Confirmed news of the Rang De Basanti music release came in at 1:30 PM, from Vasu, who informed me that Sudhir had bought the CD on the way to the office, in the morning.

On the way to Planet M, I told myself that there was a fair chance this might be the CD that breaks the 200 Rs price barrier, and I talked myself into agreeing that I would NOT buy it if it were so. Well, it wasn’t. 160 Rs, 10 songs. What makes me crack up is that I also saw the CD of Rajkumar Santoshi’s Family, on sale for the same price, along with a couple of songs from Khakee included. Would really like to know how well sales of that soundtrack fares…

First Impressions:

Current count: two listens. And counting.

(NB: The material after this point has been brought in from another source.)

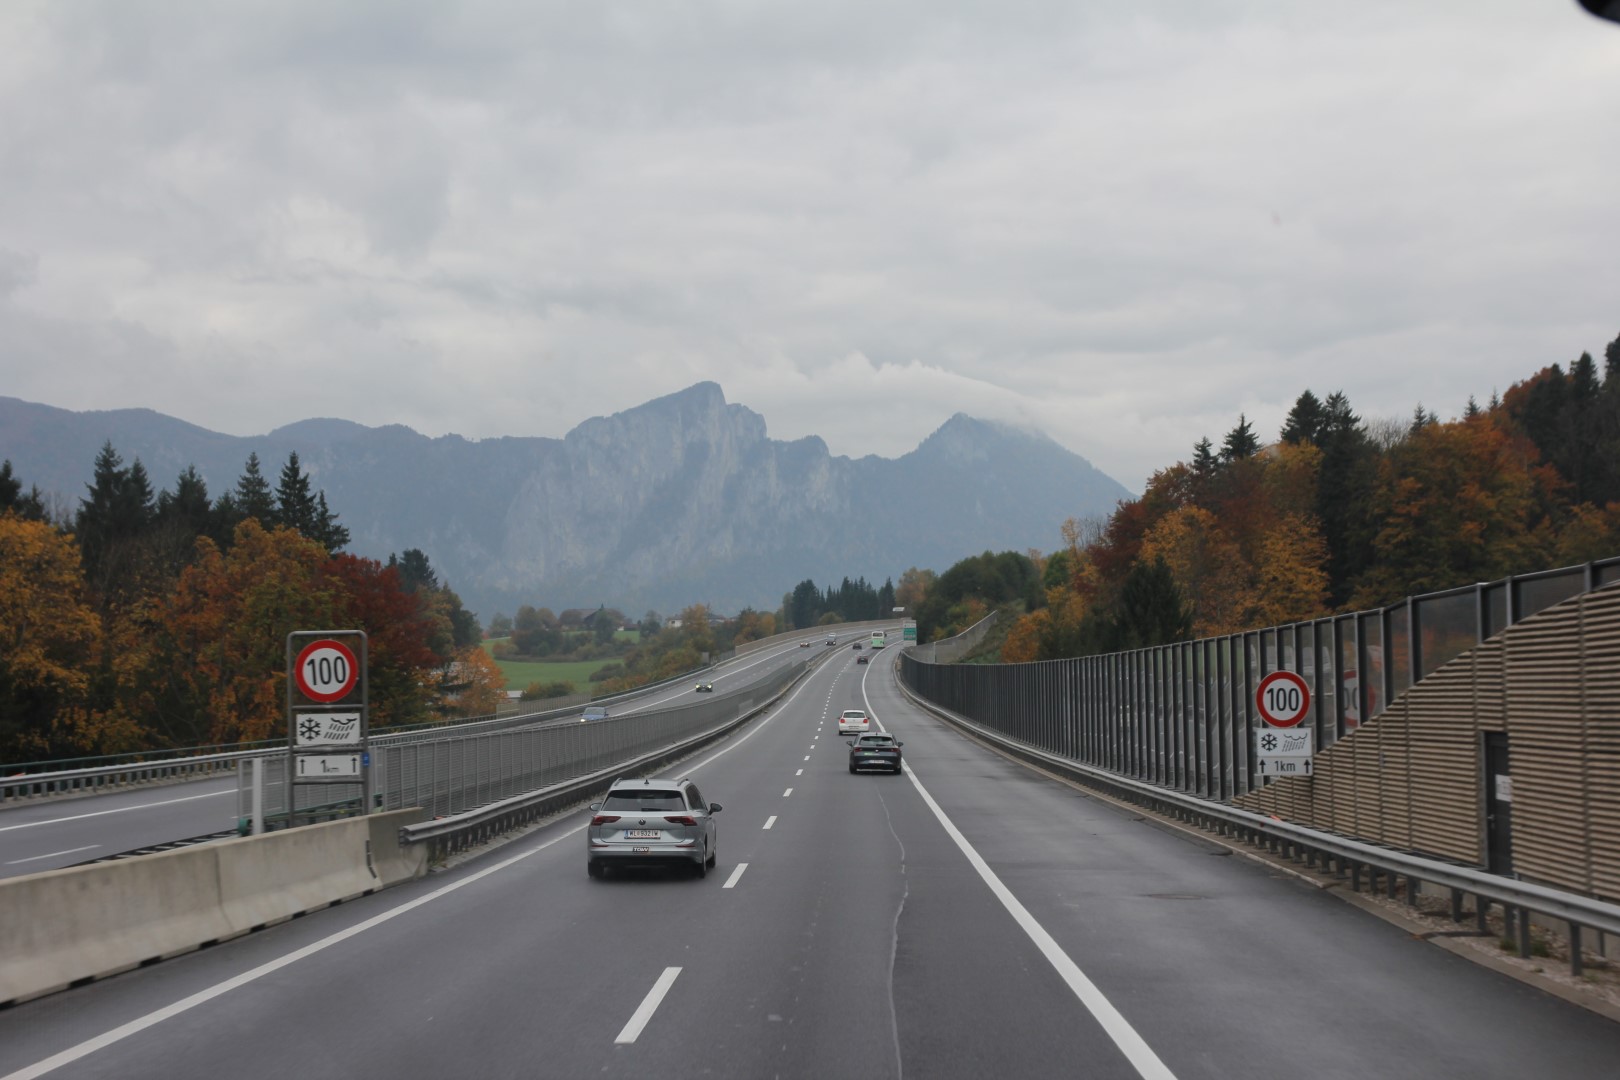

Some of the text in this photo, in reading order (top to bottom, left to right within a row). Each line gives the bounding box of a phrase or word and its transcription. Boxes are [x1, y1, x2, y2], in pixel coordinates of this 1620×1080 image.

Begins with a one-and-a-half-minute Punjabi track ‘Ik Onkar’ which is all vocals ( songer: Harshdeep Kaur). Neat mutitracking. The title track, by Daler Mehndi and Chitra comes next – though pretty catchy, I thought it a trifle too long. The banjo beginning was not a banjo after all – sounds like a very familiar (Korg?) sample. ‘Paathshaala’, both the normal and the remix version ( which guest-stars Blaaze) is the kind of dance song that you really cannot dance to. I sincerely hope Blaaze’s version stays on the album and does not appear in the film. Boys was the pinnacle of his career – let’s leave it at that. ‘Khalbali’ was the most interesting song – faux Middle-eastern percussion, faux Middle-eastern lilt to the singing, authentic Arabic lyrics/vocals by Rai singer Cheb Nacim ( Or is it some other Nacim? No idea, really), Rahman’s grating accent when he sings it being the only minus to the song. I shan’t let my occasional hatred for Madhushree’s voice taint my judgement of the song ‘Tu Bin Bataaye’, but it sounds run-of-the-mill, really. ( Which means I will consider this the favourite song of the album after about two weeks.) Naresh Iyer’s voice sounds fabulous on this song, though.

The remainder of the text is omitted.